The atomic number of Zn is 30, which means it has 30 electrons in a neutral atom. To find the electron configuration for \(\mathrm{Zn}^{2+}\), we need to remove two electrons from the atom. Neutral Zn electron configuration: \[1s^22s^22p^63s^23p^64s^23d^{10}\] Removing two electrons from the 4s orbital: \[\mathrm{Zn}^{2+}: 1s^22s^22p^63s^23p^63d^{10}\] The electron configuration for \(\mathrm{Zn}^{2+}\) is the same as that of the noble gas Kr (krypton, atomic number 36). Therefore, \(\mathrm{Zn}^{2+}\) has a noble-gas configuration.

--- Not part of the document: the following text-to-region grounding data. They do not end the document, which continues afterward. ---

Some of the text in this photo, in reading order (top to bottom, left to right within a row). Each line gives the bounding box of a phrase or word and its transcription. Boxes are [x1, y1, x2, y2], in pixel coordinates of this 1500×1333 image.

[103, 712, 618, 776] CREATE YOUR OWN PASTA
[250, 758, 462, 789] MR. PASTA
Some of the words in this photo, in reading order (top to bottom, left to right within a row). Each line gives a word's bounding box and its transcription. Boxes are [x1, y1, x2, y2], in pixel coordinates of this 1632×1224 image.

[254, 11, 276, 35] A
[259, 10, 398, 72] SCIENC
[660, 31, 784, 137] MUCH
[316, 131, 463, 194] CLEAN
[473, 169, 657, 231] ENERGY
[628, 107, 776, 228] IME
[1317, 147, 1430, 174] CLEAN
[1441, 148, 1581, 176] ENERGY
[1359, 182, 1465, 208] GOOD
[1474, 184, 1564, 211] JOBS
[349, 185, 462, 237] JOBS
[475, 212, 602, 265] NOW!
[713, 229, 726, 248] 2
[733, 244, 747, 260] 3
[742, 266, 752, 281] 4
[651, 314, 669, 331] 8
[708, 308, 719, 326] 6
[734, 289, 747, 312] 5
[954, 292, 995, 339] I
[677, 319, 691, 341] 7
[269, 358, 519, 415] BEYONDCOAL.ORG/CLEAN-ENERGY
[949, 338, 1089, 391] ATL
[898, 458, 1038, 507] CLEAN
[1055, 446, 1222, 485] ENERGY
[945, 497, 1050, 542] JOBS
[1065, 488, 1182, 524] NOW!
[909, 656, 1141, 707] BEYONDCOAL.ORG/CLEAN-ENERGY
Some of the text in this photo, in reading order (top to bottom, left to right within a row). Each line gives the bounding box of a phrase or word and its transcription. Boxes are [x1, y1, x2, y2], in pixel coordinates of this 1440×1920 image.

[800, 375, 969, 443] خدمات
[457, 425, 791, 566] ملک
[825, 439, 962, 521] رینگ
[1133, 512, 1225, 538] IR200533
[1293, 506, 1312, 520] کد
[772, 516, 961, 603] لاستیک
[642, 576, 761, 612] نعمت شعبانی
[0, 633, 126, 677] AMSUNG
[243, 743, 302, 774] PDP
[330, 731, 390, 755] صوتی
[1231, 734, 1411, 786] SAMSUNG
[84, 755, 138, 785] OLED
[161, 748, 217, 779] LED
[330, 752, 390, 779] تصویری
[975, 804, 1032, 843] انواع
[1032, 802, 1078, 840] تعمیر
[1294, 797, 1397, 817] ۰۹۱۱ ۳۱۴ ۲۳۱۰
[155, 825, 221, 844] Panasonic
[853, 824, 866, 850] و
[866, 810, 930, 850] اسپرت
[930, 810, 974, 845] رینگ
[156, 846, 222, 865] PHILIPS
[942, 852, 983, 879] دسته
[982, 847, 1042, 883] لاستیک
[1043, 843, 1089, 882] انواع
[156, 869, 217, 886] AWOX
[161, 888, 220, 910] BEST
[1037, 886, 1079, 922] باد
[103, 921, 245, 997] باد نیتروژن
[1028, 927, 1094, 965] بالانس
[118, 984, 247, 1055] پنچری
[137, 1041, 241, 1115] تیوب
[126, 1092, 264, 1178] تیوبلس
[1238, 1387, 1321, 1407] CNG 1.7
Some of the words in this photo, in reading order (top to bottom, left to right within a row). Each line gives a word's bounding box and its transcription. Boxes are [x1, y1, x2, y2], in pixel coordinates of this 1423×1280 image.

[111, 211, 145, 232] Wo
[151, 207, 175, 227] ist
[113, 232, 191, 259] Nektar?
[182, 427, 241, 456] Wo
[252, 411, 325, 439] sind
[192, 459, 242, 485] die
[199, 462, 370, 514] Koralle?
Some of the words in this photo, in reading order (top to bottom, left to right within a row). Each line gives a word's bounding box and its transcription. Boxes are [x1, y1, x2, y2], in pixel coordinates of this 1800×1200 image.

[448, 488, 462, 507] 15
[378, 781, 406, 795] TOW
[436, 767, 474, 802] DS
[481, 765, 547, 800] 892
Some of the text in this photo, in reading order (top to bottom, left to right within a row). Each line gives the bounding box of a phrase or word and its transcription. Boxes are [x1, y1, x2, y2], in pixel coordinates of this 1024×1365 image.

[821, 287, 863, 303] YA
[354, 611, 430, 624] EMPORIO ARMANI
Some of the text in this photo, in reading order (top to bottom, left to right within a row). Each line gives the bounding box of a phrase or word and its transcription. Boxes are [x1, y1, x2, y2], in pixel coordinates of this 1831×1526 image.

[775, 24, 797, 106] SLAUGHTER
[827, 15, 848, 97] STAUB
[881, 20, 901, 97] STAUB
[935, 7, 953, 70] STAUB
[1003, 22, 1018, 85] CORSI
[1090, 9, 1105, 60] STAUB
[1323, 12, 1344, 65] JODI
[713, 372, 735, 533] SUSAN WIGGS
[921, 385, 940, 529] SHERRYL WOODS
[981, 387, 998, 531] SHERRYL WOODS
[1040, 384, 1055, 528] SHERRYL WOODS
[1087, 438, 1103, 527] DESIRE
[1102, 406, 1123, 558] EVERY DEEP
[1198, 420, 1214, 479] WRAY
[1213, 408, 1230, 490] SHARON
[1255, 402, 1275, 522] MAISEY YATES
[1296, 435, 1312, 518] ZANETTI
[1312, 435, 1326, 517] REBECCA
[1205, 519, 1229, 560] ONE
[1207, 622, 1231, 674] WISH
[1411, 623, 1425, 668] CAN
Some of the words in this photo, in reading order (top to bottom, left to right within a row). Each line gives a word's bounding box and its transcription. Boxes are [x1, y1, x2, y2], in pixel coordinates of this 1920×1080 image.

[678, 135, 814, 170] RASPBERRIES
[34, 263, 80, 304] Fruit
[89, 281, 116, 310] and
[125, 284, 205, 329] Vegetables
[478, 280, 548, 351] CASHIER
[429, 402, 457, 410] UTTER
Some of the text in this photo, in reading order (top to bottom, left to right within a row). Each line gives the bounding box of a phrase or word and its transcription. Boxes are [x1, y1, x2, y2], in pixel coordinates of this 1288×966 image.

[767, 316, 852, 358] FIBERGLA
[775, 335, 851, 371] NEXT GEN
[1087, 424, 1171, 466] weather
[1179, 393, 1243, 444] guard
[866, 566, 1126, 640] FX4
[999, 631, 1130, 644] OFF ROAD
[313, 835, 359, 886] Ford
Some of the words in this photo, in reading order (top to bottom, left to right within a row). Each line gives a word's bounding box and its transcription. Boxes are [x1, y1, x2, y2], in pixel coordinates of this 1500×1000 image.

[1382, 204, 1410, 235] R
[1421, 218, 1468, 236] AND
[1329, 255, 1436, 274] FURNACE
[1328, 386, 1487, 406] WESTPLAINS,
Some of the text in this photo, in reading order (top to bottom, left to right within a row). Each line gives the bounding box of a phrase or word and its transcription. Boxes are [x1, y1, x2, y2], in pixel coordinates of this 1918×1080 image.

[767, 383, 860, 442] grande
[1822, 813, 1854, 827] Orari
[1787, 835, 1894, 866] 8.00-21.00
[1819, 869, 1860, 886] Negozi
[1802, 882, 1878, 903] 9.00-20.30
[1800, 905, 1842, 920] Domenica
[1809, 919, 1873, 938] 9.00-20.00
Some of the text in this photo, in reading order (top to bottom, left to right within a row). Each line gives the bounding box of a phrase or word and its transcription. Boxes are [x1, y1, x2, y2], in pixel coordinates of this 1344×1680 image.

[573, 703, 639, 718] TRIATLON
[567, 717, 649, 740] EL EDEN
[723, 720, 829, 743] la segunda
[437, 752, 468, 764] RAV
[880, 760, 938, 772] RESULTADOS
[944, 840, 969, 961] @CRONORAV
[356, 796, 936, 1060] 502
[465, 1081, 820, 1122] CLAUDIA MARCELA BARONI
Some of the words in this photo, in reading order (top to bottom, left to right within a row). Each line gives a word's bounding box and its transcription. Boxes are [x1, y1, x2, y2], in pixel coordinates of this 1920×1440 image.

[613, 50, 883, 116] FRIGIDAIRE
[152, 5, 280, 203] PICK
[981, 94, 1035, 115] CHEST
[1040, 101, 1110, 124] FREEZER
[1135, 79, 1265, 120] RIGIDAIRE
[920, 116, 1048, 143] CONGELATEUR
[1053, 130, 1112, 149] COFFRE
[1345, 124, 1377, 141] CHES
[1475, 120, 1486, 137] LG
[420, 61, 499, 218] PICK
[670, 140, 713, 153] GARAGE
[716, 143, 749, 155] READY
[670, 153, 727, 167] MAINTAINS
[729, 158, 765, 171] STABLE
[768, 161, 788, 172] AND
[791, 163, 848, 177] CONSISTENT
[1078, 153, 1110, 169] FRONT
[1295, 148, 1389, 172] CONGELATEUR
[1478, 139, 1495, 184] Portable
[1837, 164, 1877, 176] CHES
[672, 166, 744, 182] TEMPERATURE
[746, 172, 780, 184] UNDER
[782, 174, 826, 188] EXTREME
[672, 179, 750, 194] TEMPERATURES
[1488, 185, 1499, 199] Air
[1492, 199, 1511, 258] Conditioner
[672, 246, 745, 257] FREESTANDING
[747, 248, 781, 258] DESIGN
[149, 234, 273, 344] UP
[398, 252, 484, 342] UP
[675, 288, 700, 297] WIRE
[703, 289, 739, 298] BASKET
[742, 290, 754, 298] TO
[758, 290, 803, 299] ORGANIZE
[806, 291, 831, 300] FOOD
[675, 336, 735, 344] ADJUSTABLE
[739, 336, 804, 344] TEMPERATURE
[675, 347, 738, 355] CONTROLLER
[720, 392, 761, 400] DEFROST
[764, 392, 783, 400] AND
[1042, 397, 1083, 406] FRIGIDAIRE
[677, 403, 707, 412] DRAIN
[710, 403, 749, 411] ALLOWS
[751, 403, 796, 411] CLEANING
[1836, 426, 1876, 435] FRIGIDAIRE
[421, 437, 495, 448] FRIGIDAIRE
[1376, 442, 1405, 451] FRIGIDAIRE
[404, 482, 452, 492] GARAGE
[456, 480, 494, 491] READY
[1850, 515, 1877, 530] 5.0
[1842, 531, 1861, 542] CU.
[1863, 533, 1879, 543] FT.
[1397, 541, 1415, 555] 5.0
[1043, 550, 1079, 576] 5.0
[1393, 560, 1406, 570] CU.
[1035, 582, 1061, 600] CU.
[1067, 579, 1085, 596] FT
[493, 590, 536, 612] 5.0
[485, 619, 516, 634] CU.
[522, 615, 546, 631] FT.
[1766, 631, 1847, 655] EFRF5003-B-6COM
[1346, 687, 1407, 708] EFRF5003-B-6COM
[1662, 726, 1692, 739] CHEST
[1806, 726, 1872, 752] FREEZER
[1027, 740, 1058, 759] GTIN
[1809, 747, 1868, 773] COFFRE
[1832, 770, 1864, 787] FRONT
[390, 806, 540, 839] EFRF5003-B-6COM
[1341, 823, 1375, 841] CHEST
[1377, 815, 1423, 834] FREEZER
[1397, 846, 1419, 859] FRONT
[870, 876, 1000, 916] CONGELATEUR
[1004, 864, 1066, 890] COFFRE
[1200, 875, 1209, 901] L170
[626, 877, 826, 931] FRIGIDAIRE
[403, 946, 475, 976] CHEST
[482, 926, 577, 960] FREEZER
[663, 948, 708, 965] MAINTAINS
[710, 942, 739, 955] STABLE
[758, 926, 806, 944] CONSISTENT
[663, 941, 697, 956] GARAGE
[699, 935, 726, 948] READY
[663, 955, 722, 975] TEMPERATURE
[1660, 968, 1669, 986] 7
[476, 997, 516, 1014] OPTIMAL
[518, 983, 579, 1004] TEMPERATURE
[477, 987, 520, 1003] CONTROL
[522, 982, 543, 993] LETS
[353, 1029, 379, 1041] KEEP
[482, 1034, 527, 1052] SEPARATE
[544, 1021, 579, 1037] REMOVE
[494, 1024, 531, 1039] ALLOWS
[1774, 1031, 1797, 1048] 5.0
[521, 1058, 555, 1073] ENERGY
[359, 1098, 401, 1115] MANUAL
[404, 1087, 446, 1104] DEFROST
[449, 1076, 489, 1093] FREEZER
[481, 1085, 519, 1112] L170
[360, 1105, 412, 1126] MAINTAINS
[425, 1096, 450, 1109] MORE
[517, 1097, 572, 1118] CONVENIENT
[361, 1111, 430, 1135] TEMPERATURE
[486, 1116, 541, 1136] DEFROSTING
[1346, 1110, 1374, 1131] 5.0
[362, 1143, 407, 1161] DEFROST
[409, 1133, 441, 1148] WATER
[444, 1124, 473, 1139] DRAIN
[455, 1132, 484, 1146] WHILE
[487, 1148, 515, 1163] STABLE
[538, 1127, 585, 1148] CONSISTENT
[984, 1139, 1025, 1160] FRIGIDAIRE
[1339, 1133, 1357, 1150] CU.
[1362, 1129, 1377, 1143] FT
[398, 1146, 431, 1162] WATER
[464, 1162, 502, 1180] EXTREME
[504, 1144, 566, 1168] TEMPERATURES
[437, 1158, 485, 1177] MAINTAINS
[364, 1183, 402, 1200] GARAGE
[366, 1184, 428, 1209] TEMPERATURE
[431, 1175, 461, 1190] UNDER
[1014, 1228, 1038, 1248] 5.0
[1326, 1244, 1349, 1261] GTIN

The atomic number of Te is 52, which means it has 52 electrons in a neutral atom. To find the electron configuration for \(\mathrm{Te}^{2-}\), we need to add two electrons to the atom. Neutral Te electron configuration: \[1s^22s^22p^63s^23p^64s^23d^{10}4p^65s^24d^{10}5p^4\] Adding two electrons to the 5p orbital: \[\mathrm{Te}^{2-}: 1s^22s^22p^63s^23p^64s^23d^{10}4p^65s^24d^{10}5p^6\] The electron configuration for \(\mathrm{Te}^{2-}\) is the same as that of the noble gas Xe (xenon, atomic number 54). Therefore, \(\mathrm{Te}^{2-}\) has a noble-gas configuration.

The atomic number of Sc is 21, which means it has 21 electrons in a neutral atom. To find the electron configuration for \(\mathrm{Sc}^{3+}\), we need to remove three electrons from the atom. Neutral Sc electron configuration: \[1s^22s^22p^63s^23p^64s^23d^1\] Removing three electrons (two from the 4s and one from the 3d orbital): \[\mathrm{Sc}^{3+}: 1s^22s^22p^63s^23p^6\] The electron configuration for \(\mathrm{Sc}^{3+}\) is the same as that of the noble gas Ar (argon, atomic number 18). Therefore, \(\mathrm{Sc}^{3+}\) has a noble-gas configuration.

The atomic number of Rh is 45, which means it has 45 electrons in a neutral atom. To find the electron configuration for \(\mathrm{Rh}^{3+}\), we need to remove three electrons from the atom. Neutral Rh electron configuration: \[1s^22s^22p^63s^23p^64s^23d^{10}4p^65s^14d^8\] Removing three electrons (one from the 5s and two from the 4d orbital): \[\mathrm{Rh}^{3+}: 1s^22s^22p^63s^23p^64s^23d^{10}4p^64d^6\] The electron configuration for \(\mathrm{Rh}^{3+}\) does not match any noble gas electron configuration. Therefore, \(\mathrm{Rh}^{3+}\) does not have a noble-gas configuration.

The atomic number of Tl is 81, which means it has 81 electrons in a neutral atom. To find the electron configuration for \(\mathrm{Tl}^{+}\), we need to remove one electron from the atom. Neutral Tl electron configuration: \[1s^22s^22p^63s^23p^64s^23d^{10}4p^65s^24d^{10}5p^66s^24f^{14}5d^{10}6p^1\] Removing one electron from the 6p orbital: \[\mathrm{Tl}^{+}: 1s^22s^22p^63s^23p^64s^23d^{10}4p^65s^24d^{10}5p^66s^24f^{14}5d^{10}\] The electron configuration for \(\mathrm{Tl}^{+}\) is the same as that of the noble gas Hg (mercury, atomic number 80). Therefore, \(\mathrm{Tl}^{+}\) has a noble-gas configuration.

The atomic number of Bi is 83, which means it has 83 electrons in a neutral atom. To find the electron configuration for \(\mathrm{Bi}^{3+}\), we need to remove three electrons from the atom. Neutral Bi electron configuration: \[1s^22s^22p^63s^23p^64s^23d^{10}4p^65s^24d^{10}5p^66s^24f^{14}5d^{10}6p^3\] Removing three electrons from the 6p orbital: \[\mathrm{Bi}^{3+}: 1s^22s^22p^63s^23p^64s^23d^{10}4p^65s^24d^{10}5p^66s^24f^{14}5d^{10}\] The electron configuration for \(\mathrm{Bi}^{3+}\) is the same as that of the noble gas Pb (lead, atomic number 82). Therefore, \(\mathrm{Bi}^{3+}\) has a noble-gas configuration. In conclusion, \(\mathrm{Zn}^{2+}\), \(\mathrm{Te}^{2-}\), \(\mathrm{Sc}^{3+}\), \(\mathrm{Tl}^{+}\), and \(\mathrm{Bi}^{3+}\) have noble-gas configurations, while \(\mathrm{Rh}^{3+}\) does not.